**WHAT THE TASK REQUIRES**
Return an exact copy of the entries, skipping any picture you find.

(Images for object localization)
====================

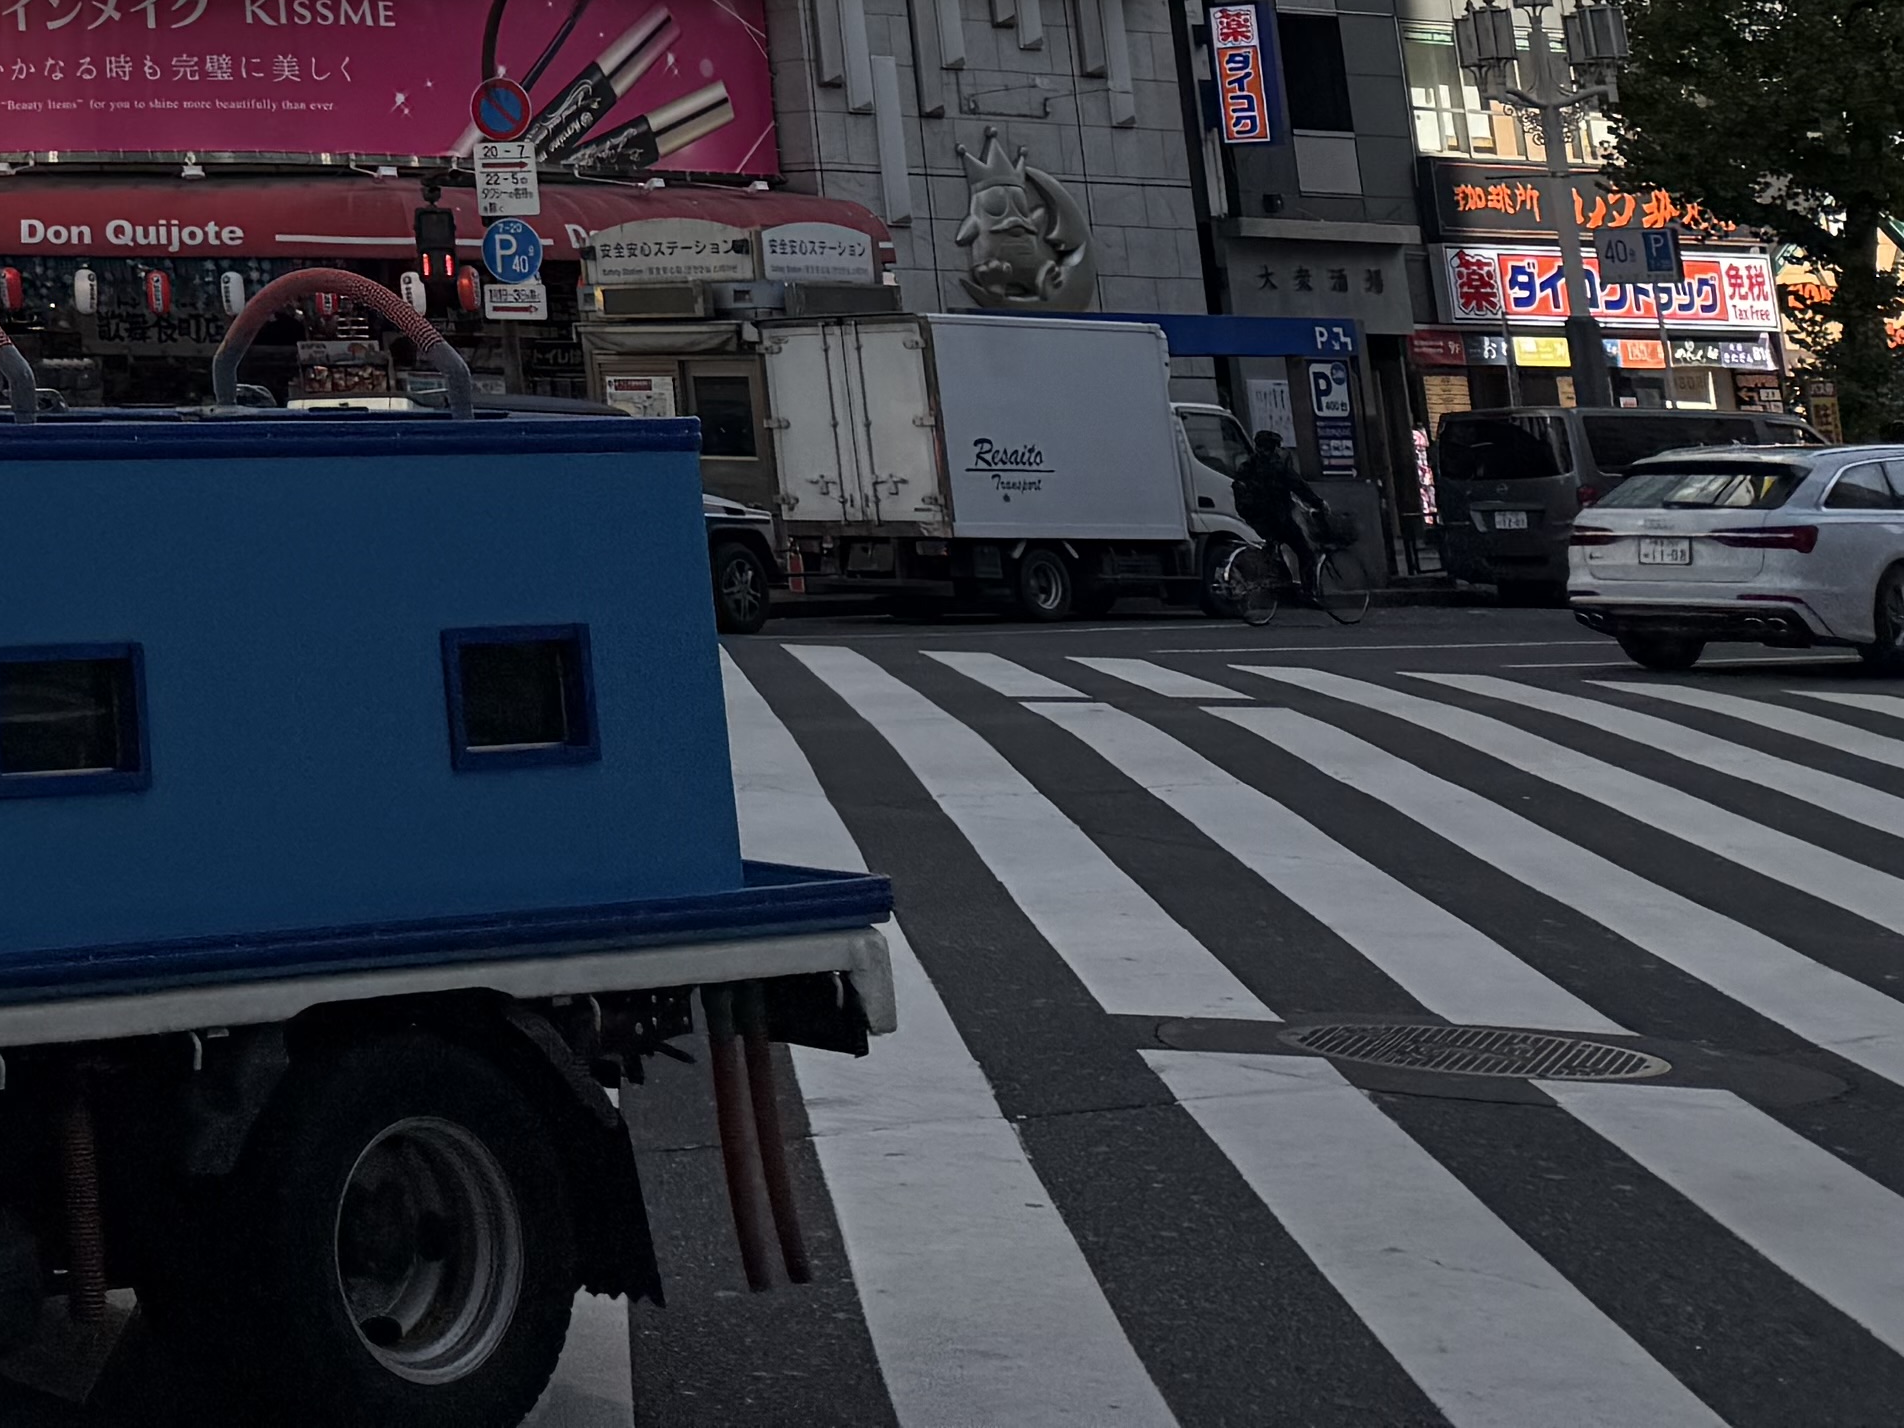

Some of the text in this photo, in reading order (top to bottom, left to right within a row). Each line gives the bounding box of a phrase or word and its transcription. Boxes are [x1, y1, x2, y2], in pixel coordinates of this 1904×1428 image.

[109, 101, 131, 113] you
[149, 98, 179, 111] shine
[182, 100, 212, 111] more
[215, 98, 278, 113] beautifully
[1225, 51, 1259, 136] ダイコク
[19, 218, 246, 253] Don Quijote
[1650, 234, 1664, 257] P
[493, 233, 518, 274] P
[599, 238, 735, 260] 安全安心ステーション
[767, 239, 868, 259] 安全安心ステーション
[1604, 239, 1628, 264] 40
[1453, 251, 1770, 314] 薬 免税
[1314, 326, 1328, 350] P
[1312, 371, 1332, 413] P
[972, 438, 1045, 469] Resaito
[991, 474, 1044, 494] Transport

====================

**YOUR RESPONSE**
Some of the text in this photo, in reading order (top to bottom, left to right within a row). Each line gives the bounding box of a phrase or word and its transcription. Boxes are [x1, y1, x2, y2], in pixel coordinates of this 1904×1428 image.

[109, 101, 131, 113] you
[149, 98, 179, 111] shine
[182, 100, 212, 111] more
[215, 98, 278, 113] beautifully
[1225, 51, 1259, 136] ダイコク
[19, 218, 246, 253] Don Quijote
[1650, 234, 1664, 257] P
[493, 233, 518, 274] P
[599, 238, 735, 260] 安全安心ステーション
[767, 239, 868, 259] 安全安心ステーション
[1604, 239, 1628, 264] 40
[1453, 251, 1770, 314] 薬 免税
[1314, 326, 1328, 350] P
[1312, 371, 1332, 413] P
[972, 438, 1045, 469] Resaito
[991, 474, 1044, 494] Transport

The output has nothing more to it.